Pasar la itv es la obligación más tediosa por la que deben pasar todos los conductores que no quieren recibir sanciones. ¿Sabes cómo dar el aprobado en este trámite sin que el precio ascienda más de lo debido? Toma nota.

Cuando nuestro coche cumple cuatro años debemos pasar la primera Inspección Técnica del vehículo. Después de eso, en función del tipo de vehículo, deberemos realizarla cada año o cada dos.

Si eres un novato en el mundo del motor pensarás que para pasar la itv basta con acudir a la estación ITV más cercana, donde revisen la documentación y luego pasen a la inspección técnica en sí. Pero lo cierto es que hay muchos aspectos que debemos controlar para conocer el estado del vehículo y pasar la ITV.

Durante la inspección pueden revisar hasta 10 apartados del automóvil: documentos, detalles del exterior e interior, lunas, retrovisores, faros, frenos, suspensión, emisiones contaminantes…El resultado pueden ser fallos leves (con los que podrás pasar la ITV), graves o muy graves, con los que solo podrás conducir para trasladar el coche al taller.

Así que pon a punto tu vehículo para que puedas circular sin problemas.

Consejos para pasar la ITV con éxito y tranquilidad

El desconocimiento es un gran enemigo siempre, pero en temas de mecánica aún más. Además, sería una pérdida de tiempo llegar y que se nos olvide algún documento importante. Por estos motivos, debes considerar los siguientes consejos:

  • Fijarse en la fecha de caducidad: Recuerda que si conduces con la ITV caducada te pueden sancionar con una multa desde 200€ hasta 500€, así que es muy importante que no te pille el toro. Además, las estaciones no suelen dar cita de forma inmediata, por lo que considera pedirla con suficiente tiempo de antelación y ve preguntando precios en una y en otra para no asustarte.
  • Circula y aparca: Lo primero es hacer un pequeño entrenamiento al motor de tu propio vehículo. Circula al menos 20 kilómetros en cuarta. De esta forma eliminarás la posible carbonilla y el coche podrá alcanzar unos correctos niveles de emisión de gases. También es buena idea aparcar en pendiente para tirar de nuestro freno de mano y así comprobar su perfecto funcionamiento.
  • Tener los papeles en regla: Necesitarás la tarjeta de la ITV, el permiso de circulación y una copia del seguro (que nunca está de más).
  • Revisa bien el vehículo.
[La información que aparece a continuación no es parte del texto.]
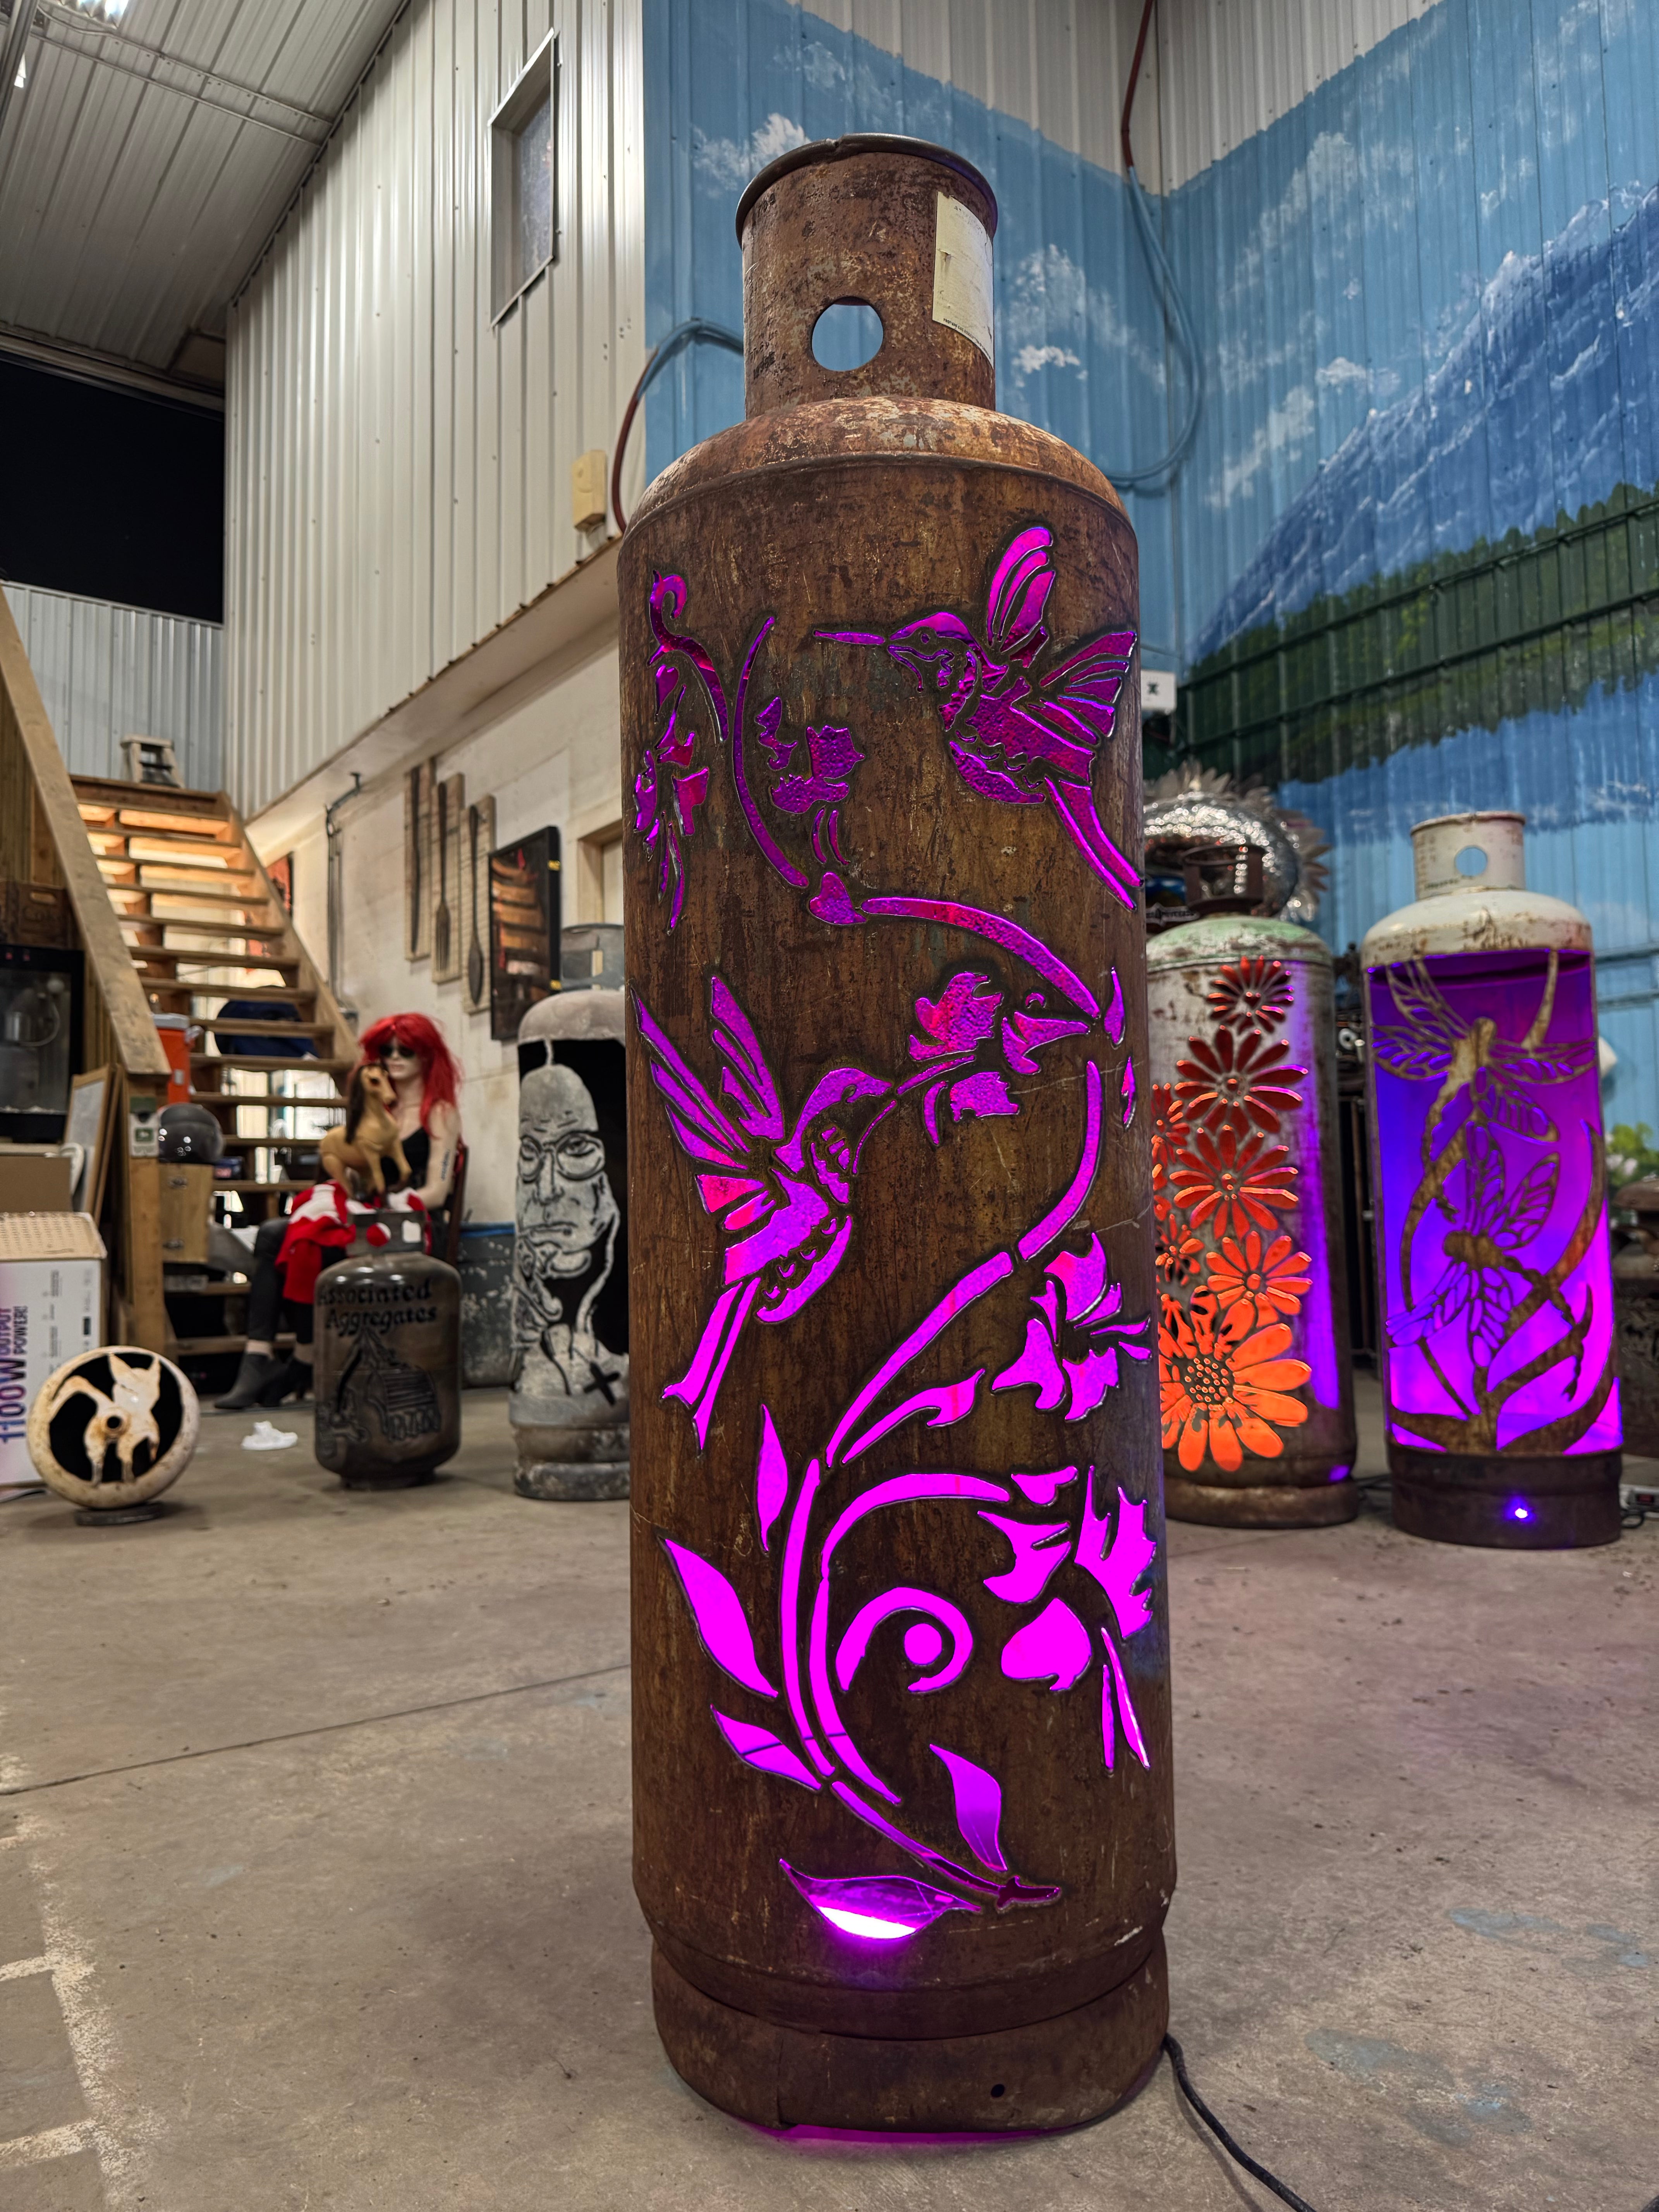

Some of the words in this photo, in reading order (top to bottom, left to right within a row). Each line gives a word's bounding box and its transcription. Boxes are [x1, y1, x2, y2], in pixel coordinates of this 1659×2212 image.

[318, 1278, 431, 1305] Associated
[325, 1307, 437, 1337] Aggregates
[0, 1357, 26, 1443] 1100W
En este punto, hay muchas cosas que podemos revisar:
  • Neumáticos: Comprueba la presión, que no haya cortes, desgastes ni deformaciones. Es obligatorio que la profundidad del dibujo del relieve no sea inferior a 1,6 milímetros.
  • Alumbrado: Aparca frente a una pared y comprueba que intermitentes, luces de cruce, largas y de posición funcionan correctamente y están bien reguladas para no deslumbrar a nadie. Lo mejor es que alguien te ayude desde fuera del vehículo.
  • Controla los pequeños detalles: Incluso si las puertas y ventanillas no se abren correctamente podría ser un problema. Supervísalo, así como los limpiaparabrisas, paragolpes, el claxon, los retrovisores y la matrícula (ni manchas ni números borrosos).
  • Frenos: Evidentemente, aparte del freno de manos que hemos comentado, todos los demás deben estar en perfecto estado. Comprueba que los discos y pastillas no estén desgastados y que ello afecte al sistema de frenado.
  • Niveles de líquidos: Desde el aceite hasta el agua del limpiaparabrisas. Es recomendable que cambies el aceite y el filtro de aire antes de pasar la ITV.
  • Cinturones de seguridad: Aunque no uses todos habitualmente, cerciórate de que todos se bloquean bien, así como el sistema de retención para niños, si lo llevas.

De esta forma, evitarás una calificación negativa y podrás pasar la ITV con un rotundo éxito.